**The problem**
Each entry needs to be reproduced verbatim.

═══ Record set ═══

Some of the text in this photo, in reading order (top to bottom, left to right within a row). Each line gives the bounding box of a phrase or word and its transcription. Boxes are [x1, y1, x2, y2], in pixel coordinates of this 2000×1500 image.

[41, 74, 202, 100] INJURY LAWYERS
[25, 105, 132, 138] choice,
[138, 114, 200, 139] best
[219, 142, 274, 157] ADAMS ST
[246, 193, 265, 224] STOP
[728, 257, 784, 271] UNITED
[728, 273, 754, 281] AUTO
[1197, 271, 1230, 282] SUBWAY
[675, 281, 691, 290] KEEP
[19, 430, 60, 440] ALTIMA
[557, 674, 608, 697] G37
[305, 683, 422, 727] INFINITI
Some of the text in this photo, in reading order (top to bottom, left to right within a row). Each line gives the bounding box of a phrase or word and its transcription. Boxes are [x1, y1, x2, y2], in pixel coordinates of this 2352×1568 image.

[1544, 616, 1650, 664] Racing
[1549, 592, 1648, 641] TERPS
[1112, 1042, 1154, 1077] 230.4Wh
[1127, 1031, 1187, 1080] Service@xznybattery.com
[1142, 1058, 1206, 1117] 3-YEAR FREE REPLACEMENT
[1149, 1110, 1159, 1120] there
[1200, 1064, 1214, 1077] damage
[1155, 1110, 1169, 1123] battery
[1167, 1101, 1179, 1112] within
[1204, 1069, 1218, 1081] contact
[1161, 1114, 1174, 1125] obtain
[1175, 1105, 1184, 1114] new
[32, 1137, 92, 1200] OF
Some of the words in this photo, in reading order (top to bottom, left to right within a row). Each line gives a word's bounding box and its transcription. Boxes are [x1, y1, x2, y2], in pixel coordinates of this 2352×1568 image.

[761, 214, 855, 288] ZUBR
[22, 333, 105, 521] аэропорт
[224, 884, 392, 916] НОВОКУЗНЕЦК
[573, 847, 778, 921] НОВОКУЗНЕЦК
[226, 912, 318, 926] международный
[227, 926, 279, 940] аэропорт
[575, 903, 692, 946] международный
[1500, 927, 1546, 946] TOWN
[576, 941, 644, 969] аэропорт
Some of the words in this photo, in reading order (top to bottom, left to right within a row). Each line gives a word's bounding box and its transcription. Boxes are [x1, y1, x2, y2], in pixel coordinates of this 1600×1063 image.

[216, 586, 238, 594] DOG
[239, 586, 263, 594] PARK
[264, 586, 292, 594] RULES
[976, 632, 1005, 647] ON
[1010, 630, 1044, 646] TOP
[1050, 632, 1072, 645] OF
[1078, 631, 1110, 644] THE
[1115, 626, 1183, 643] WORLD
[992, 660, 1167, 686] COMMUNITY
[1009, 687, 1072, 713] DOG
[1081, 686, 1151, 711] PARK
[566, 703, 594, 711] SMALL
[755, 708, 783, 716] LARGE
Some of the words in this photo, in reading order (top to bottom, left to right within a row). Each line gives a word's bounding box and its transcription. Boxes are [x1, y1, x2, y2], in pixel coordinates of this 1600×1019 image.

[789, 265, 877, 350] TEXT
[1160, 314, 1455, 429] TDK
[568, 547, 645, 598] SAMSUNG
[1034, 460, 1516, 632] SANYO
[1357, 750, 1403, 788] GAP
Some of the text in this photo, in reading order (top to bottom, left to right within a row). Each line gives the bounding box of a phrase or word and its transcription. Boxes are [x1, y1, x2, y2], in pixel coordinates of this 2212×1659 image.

═══

**Expected output**
Some of the text in this photo, in reading order (top to bottom, left to right within a row). Each line gives the bounding box of a phrase or word and its transcription. Boxes are [x1, y1, x2, y2], in pixel coordinates of this 2000×1500 image.

[41, 74, 202, 100] INJURY LAWYERS
[25, 105, 132, 138] choice,
[138, 114, 200, 139] best
[219, 142, 274, 157] ADAMS ST
[246, 193, 265, 224] STOP
[728, 257, 784, 271] UNITED
[728, 273, 754, 281] AUTO
[1197, 271, 1230, 282] SUBWAY
[675, 281, 691, 290] KEEP
[19, 430, 60, 440] ALTIMA
[557, 674, 608, 697] G37
[305, 683, 422, 727] INFINITI
Some of the text in this photo, in reading order (top to bottom, left to right within a row). Each line gives the bounding box of a phrase or word and its transcription. Boxes are [x1, y1, x2, y2], in pixel coordinates of this 2352×1568 image.

[1544, 616, 1650, 664] Racing
[1549, 592, 1648, 641] TERPS
[1112, 1042, 1154, 1077] 230.4Wh
[1127, 1031, 1187, 1080] Service@xznybattery.com
[1142, 1058, 1206, 1117] 3-YEAR FREE REPLACEMENT
[1149, 1110, 1159, 1120] there
[1200, 1064, 1214, 1077] damage
[1155, 1110, 1169, 1123] battery
[1167, 1101, 1179, 1112] within
[1204, 1069, 1218, 1081] contact
[1161, 1114, 1174, 1125] obtain
[1175, 1105, 1184, 1114] new
[32, 1137, 92, 1200] OF
Some of the words in this photo, in reading order (top to bottom, left to right within a row). Each line gives a word's bounding box and its transcription. Boxes are [x1, y1, x2, y2], in pixel coordinates of this 2352×1568 image.

[761, 214, 855, 288] ZUBR
[22, 333, 105, 521] аэропорт
[224, 884, 392, 916] НОВОКУЗНЕЦК
[573, 847, 778, 921] НОВОКУЗНЕЦК
[226, 912, 318, 926] международный
[227, 926, 279, 940] аэропорт
[575, 903, 692, 946] международный
[1500, 927, 1546, 946] TOWN
[576, 941, 644, 969] аэропорт
Some of the words in this photo, in reading order (top to bottom, left to right within a row). Each line gives a word's bounding box and its transcription. Boxes are [x1, y1, x2, y2], in pixel coordinates of this 1600×1063 image.

[216, 586, 238, 594] DOG
[239, 586, 263, 594] PARK
[264, 586, 292, 594] RULES
[976, 632, 1005, 647] ON
[1010, 630, 1044, 646] TOP
[1050, 632, 1072, 645] OF
[1078, 631, 1110, 644] THE
[1115, 626, 1183, 643] WORLD
[992, 660, 1167, 686] COMMUNITY
[1009, 687, 1072, 713] DOG
[1081, 686, 1151, 711] PARK
[566, 703, 594, 711] SMALL
[755, 708, 783, 716] LARGE
Some of the words in this photo, in reading order (top to bottom, left to right within a row). Each line gives a word's bounding box and its transcription. Boxes are [x1, y1, x2, y2], in pixel coordinates of this 1600×1019 image.

[789, 265, 877, 350] TEXT
[1160, 314, 1455, 429] TDK
[568, 547, 645, 598] SAMSUNG
[1034, 460, 1516, 632] SANYO
[1357, 750, 1403, 788] GAP
Some of the text in this photo, in reading order (top to bottom, left to right within a row). Each line gives the bounding box of a phrase or word and its transcription. Boxes are [x1, y1, x2, y2], in pixel coordinates of this 2212×1659 image.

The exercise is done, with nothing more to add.